-- Extracted data follows --

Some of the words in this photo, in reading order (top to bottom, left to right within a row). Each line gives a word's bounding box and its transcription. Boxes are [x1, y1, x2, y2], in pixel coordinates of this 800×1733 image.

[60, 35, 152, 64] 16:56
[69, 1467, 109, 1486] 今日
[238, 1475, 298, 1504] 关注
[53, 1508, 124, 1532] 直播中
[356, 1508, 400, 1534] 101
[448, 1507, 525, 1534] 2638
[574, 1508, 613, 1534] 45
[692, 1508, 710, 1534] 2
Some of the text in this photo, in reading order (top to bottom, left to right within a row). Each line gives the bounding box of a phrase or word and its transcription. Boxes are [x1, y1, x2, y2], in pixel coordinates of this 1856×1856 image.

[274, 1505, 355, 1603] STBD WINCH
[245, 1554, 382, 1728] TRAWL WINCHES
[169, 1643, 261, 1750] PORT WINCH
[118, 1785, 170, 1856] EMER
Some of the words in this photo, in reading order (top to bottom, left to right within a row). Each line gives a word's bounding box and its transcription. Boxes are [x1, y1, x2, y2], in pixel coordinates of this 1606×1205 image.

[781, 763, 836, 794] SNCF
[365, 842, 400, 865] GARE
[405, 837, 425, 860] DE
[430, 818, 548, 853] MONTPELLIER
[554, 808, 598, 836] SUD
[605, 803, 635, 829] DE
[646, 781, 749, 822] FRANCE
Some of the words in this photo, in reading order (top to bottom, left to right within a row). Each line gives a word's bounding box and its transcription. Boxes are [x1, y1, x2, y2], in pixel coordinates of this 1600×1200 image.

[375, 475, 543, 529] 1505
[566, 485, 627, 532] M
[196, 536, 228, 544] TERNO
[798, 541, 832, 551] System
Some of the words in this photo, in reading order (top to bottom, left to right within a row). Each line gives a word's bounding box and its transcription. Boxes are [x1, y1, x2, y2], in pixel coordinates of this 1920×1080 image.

-- Extracted data concluded --

■ **What is being asked**: Lines from the one containing "this 1606×1205 image." to the last line above, both included: copy these exactly and write nothing else.

■ **Solution**:
Some of the words in this photo, in reading order (top to bottom, left to right within a row). Each line gives a word's bounding box and its transcription. Boxes are [x1, y1, x2, y2], in pixel coordinates of this 1606×1205 image.

[781, 763, 836, 794] SNCF
[365, 842, 400, 865] GARE
[405, 837, 425, 860] DE
[430, 818, 548, 853] MONTPELLIER
[554, 808, 598, 836] SUD
[605, 803, 635, 829] DE
[646, 781, 749, 822] FRANCE
Some of the words in this photo, in reading order (top to bottom, left to right within a row). Each line gives a word's bounding box and its transcription. Boxes are [x1, y1, x2, y2], in pixel coordinates of this 1600×1200 image.

[375, 475, 543, 529] 1505
[566, 485, 627, 532] M
[196, 536, 228, 544] TERNO
[798, 541, 832, 551] System
Some of the words in this photo, in reading order (top to bottom, left to right within a row). Each line gives a word's bounding box and its transcription. Boxes are [x1, y1, x2, y2], in pixel coordinates of this 1920×1080 image.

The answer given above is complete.